**Records shown**:
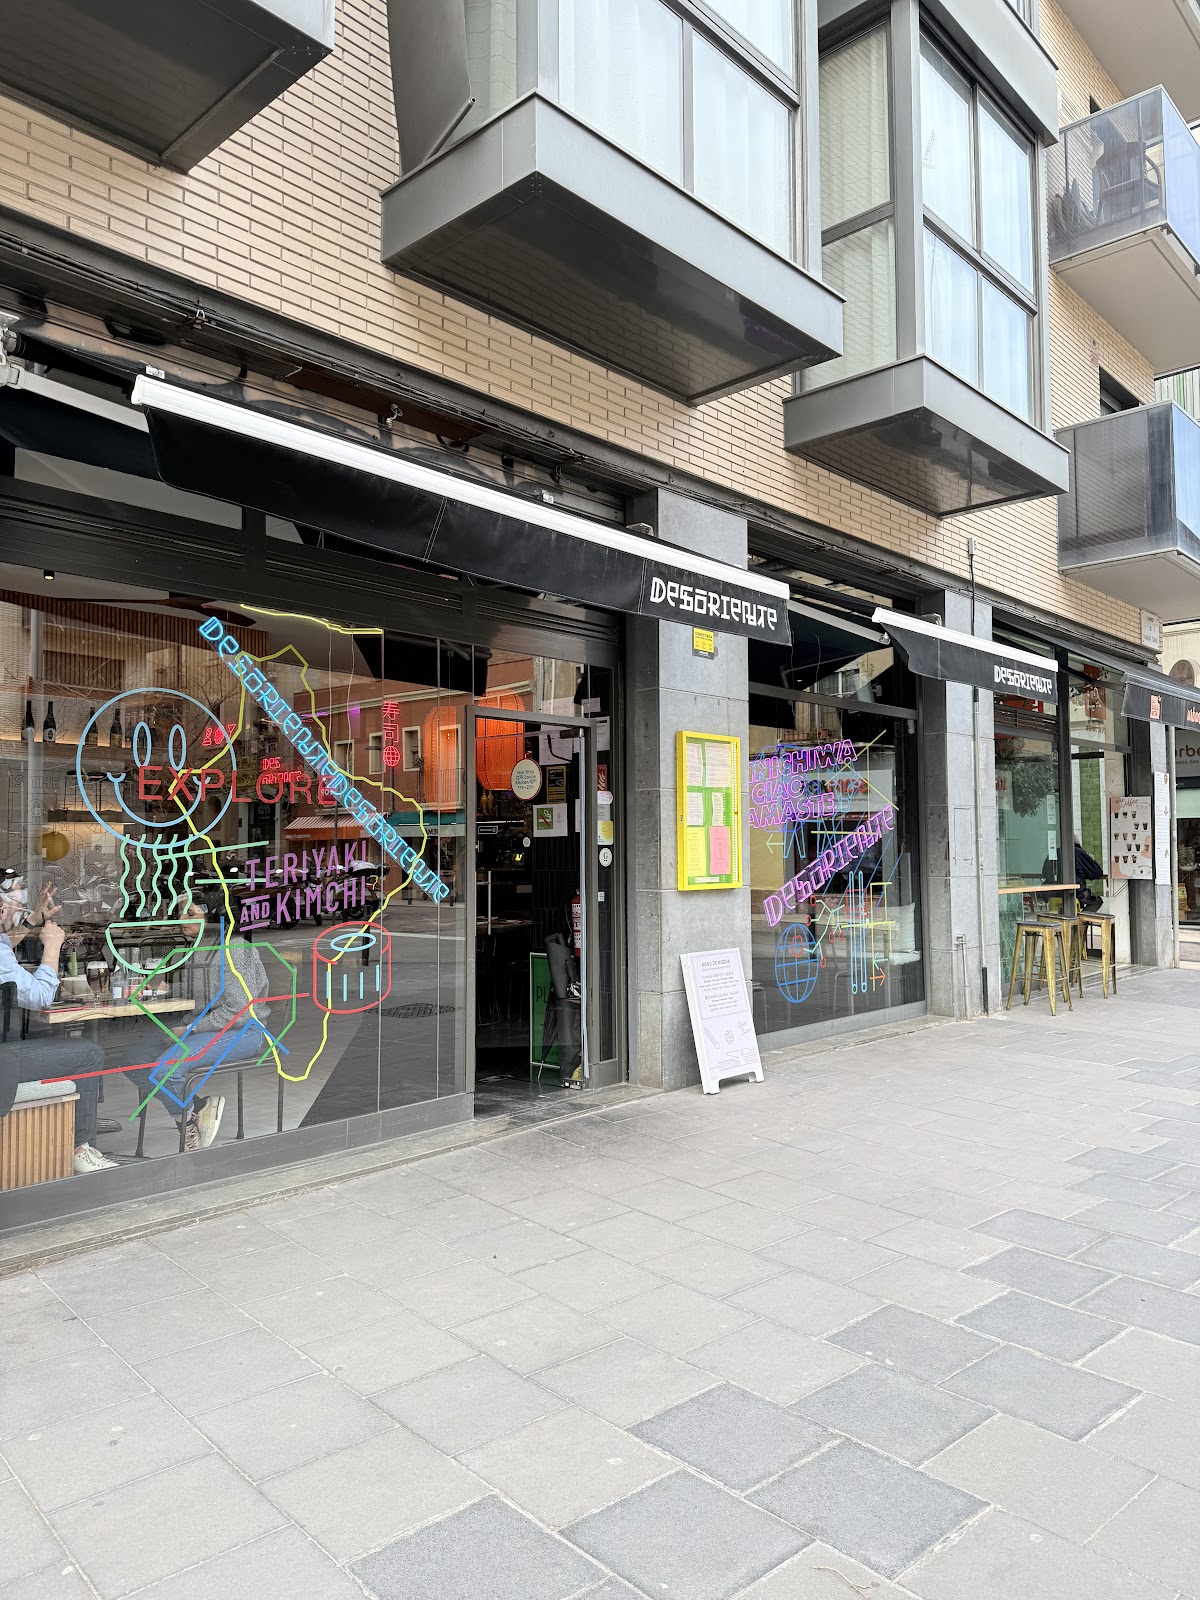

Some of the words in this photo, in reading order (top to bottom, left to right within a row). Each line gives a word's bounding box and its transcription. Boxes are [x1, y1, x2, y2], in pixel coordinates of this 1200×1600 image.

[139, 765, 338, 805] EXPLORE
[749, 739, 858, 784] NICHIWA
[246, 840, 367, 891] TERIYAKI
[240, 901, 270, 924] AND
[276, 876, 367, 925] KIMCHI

**What needs to be done**: Copy every record exactly as it appears, apart from any pictures.

**Response area**:
Some of the words in this photo, in reading order (top to bottom, left to right within a row). Each line gives a word's bounding box and its transcription. Boxes are [x1, y1, x2, y2], in pixel coordinates of this 1200×1600 image.

[139, 765, 338, 805] EXPLORE
[749, 739, 858, 784] NICHIWA
[246, 840, 367, 891] TERIYAKI
[240, 901, 270, 924] AND
[276, 876, 367, 925] KIMCHI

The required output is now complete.